04 February 2011

Build Documents Following Logic of What the Reader is Trying to "Do"


I ended my previous post stating that documentation teams have to recognize their documents must be built following the underlying logic of what the reader is trying to "do" with the document. By this I mean there are different design choices for document content depending on what the reader is intending to accomplish through accessing the document. 


If your reader is making decisions versus merely being informed about a body of work, then this greatly impacts document content and a major difference between regulatory medical writing and the medical writing associated with the development of manuscripts.


For instance, if you are creating a summary-level regulatory submission document, the logic of what this document is to "do" for the user will dictate design decisions. A summary-level document is not intended to report results; it is intended to synthesize study findings in a way so as to build the information base for the therapeutic activity and safety of a drug or device in various patient populations. The summary documents are meant to address issues associated with development work and candidly represent limits of current understanding. It is in the summary documents that one must argue that observed differences in the data (or lack of differences) are determined reliably and provide a low probability of alternative results upon further study. In creating summary documents authoring teams must recognize that successful arguments need to establish warranted claims that respond to the known or theorized questions or concerns of the reader. 


A second example, if you are writing a risk management plan, like a RiskMAP for FDA, then the document must be designed to clearly demonstrate the logic underlying the risk assessment and the quantitative and qualitative assignment of risk. The document must clearly lay out the strategy to monitor and characterize the nature, frequency, and severity of the risks associated with the use of a product. Ultimately the document has to characterize why the proposed plan and the applied tools are the most appropriate to minimize a health outcome risk potential on a go forward basis. 
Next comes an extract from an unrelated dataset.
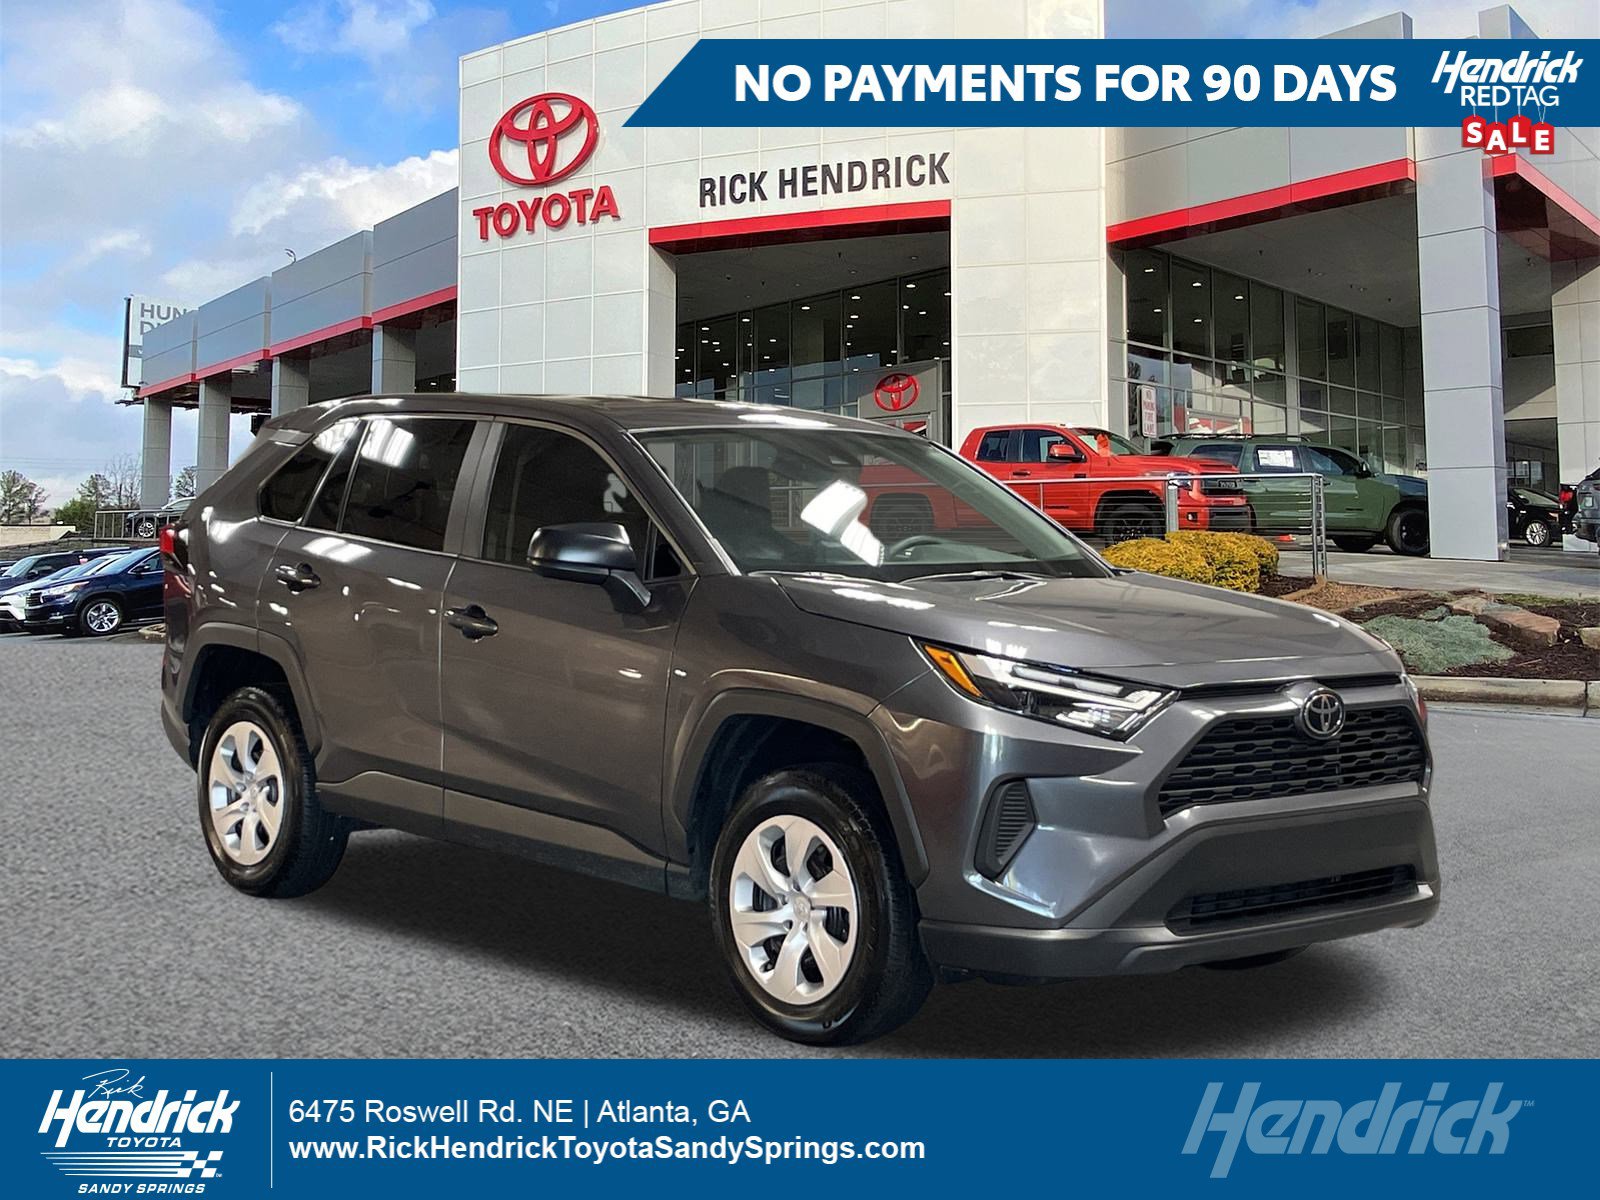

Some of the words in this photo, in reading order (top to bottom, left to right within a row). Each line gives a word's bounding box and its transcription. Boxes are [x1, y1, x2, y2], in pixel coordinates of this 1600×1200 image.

My final example, if you are writing a clinical research protocol, then you must recognize the logic of this document is not only to demonstrate study design and when assessments will be made in or out of the clinic. It is essential the document also be seen as a vehicle to represent potential benefit in relation to risk (what an institutional review board is looking to assess when they consider the merits of a research study.) Also a protocol must clearly establish the agents and actors engaged in the conduct of the research trial and the assignment of decision-making to the actors (all users of the document need to know this information.) In my review of protocols, I routinely find these documents generally obscure actors (who will do what) to varying degrees of opacity and often leave assignment of decision-making as implied versus explicit. In such instances, the document is clearly not written reflecting the underlying logic of what the document is intended to “do” in the hands of the users of the document.